Ma cosa succede se combinano le due cose e mettono i semafori proprio prima di una rotatoria? Questo crea ingorghi, non fluidità. Lo so perché l’ho sperimentato in prima persona, e mi ha fatto sbraitare. Ora, non fraintendetemi, adoro sfogarmi, lo faccio regolarmente in macchina ogni volta che guido dietro a qualcuno che si ferma a una rotatoria, quando un bambino può vedere che non c’è traffico e attraversarla sarebbe assolutamente senza rischi, ma no, si fermano, punto e basta. C’è chi dice che siano i portoghesi a farlo, ma io penso che siano piuttosto i turisti o alcuni espatriati. O forse gli anziani (me escluso). Se ne stanno fermi sulle strisce pedonali, aspettando anche quando non ci sono auto. Poi, finalmente, quando arriva un’auto, alzano la mano e attraversano!

Sto divagando (adoro farlo), quindi torniamo a parlare di quelle abominevoli rotatorie. La prima di queste abominazioni nella mia zona è stata realizzata qualche tempo fa, presso la seconda rotatoria di Lagoa sulla N125. Quella dove ci sono le stazioni di servizio e che porta ai supermercati Pingo Doce, Apolonia, Aldi e Intermarché, e infine a Carvoeiro. È una rotatoria piuttosto trafficata, per gran parte della giornata.

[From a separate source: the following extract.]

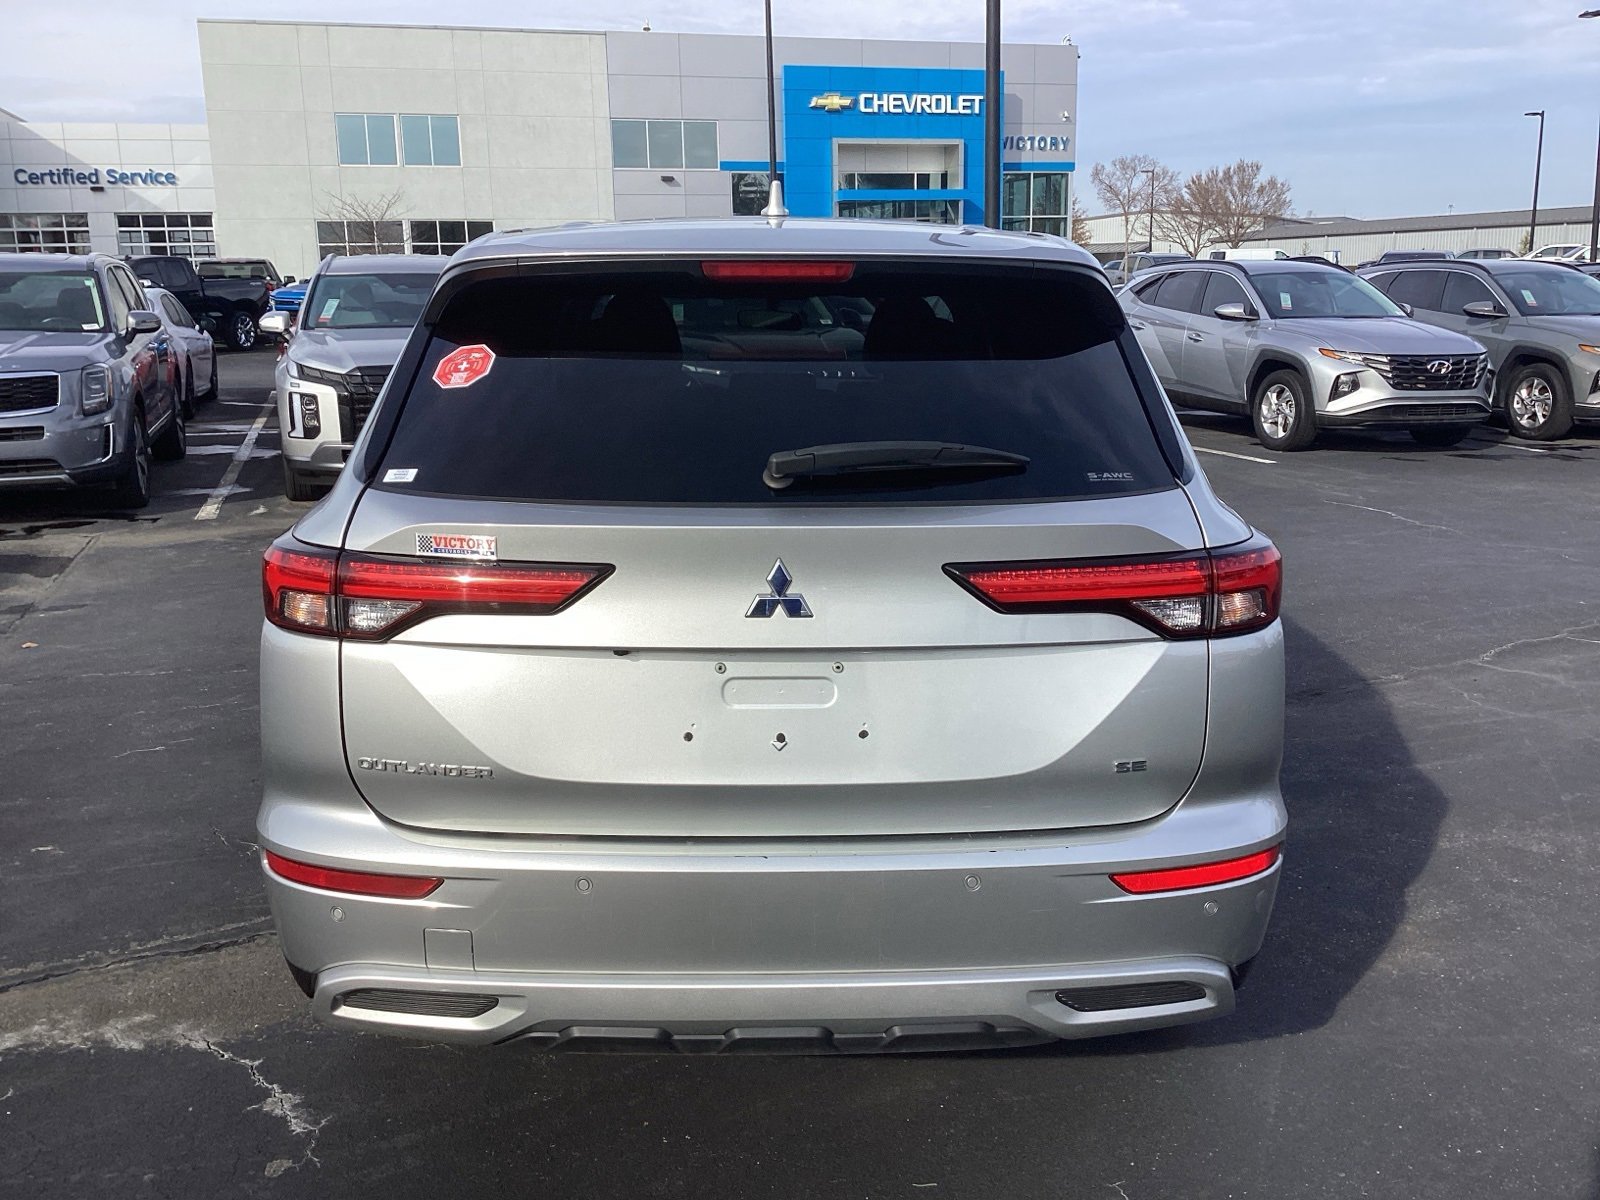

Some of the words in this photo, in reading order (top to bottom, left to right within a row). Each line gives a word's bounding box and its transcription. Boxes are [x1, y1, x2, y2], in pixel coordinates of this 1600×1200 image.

Sia che si arrivi da Portimão o dall’altra direzione, capita molto spesso di rimanere bloccati nel traffico. Anche quando il semaforo è verde dalla propria parte, potrebbe non essere possibile attraversare perché il semaforo per svoltare a destra o proseguire dritto è rosso, quindi l’intera rotatoria è congestionata e ci vuole un po’ di tempo prima che il traffico si sblocchi. E se siete davvero sfortunati, proprio prima di aver attraversato l’intera rotatoria, l’altro semaforo all’uscita diventa rosso!

E davvero non capisco perché abbiano fatto così. I pedoni attraversavano la strada in tutta sicurezza sulle strisce pedonali. Le auto si fermavano e poi ripartivano dopo che la persona era passata. Una questione di un paio di secondi. Ora il semaforo rosso rimane acceso per un’eternità, o almeno così sembra.

Come se una di quelle rotatorie semaforizzate nella mia zona non bastasse, ne hanno recentemente realizzata un’altra ad Alcantarilha. Quella da cui si può entrare in città o svoltare in direzione di Armação de Pêra. Un altro punto di congestione sulla N125.

Segnaletica stradale


Sembra che alcuni di essi siano pensati apposta per tenerci sulle spine. Soprattutto nella zona di Gramacho, a Lagoa, i segnali possono essere molto contraddittori e confusi. Un attimo prima c’è il 30, perché ci stiamo avvicinando a un dosso, poi il 30 viene barrato e, 10 metri più avanti, è di nuovo 30. A dir poco sconcertante.

I dossi, tra l’altro, stanno peggiorando: non sono quelli morbidi su cui si può quasi fluttuare se si ha la giusta velocità, quelli che in Francia chiamano «chapeau de gendarme» o «gendarme couché ». Immaginatevi di passare sopra un agente della GNR!

Oggigiorno assomigliano più a una stretta soglia che fa sempre sobbalzare l’auto, a prescindere dalla velocità a cui si sta guidando. Decisamente non fa bene al sottoscocca della vostra auto.

Molti dossi sono stati eliminati quando le strade a Lagoa e dintorni sono state rinnovate l’anno scorso, e non sono stati ancora reinstallati… per ora. Ma i cartelli ci sono ancora, quindi chissà.

Penso sempre: usate il buon senso, nel traffico e in ogni altro ambito. E chi non ha buon senso, ignorerà comunque i segnali stradali.

Crediti: TPN; Autrice: Scarlett Verkuijlen;

Chiunque abbia ideato tutto questo, di certo non merita la mia candidatura al Premio Nobel per la Pace. Anche se sto valutando quello della FIFA, perché penso che tutto questo sia alla pari con alcune delle idee di Donald Trump!

Oppure che facciano dei lavori socialmente utili. Che ne dite di dirigere il traffico? La mia maglietta vi mostra esattamente cosa ne penso.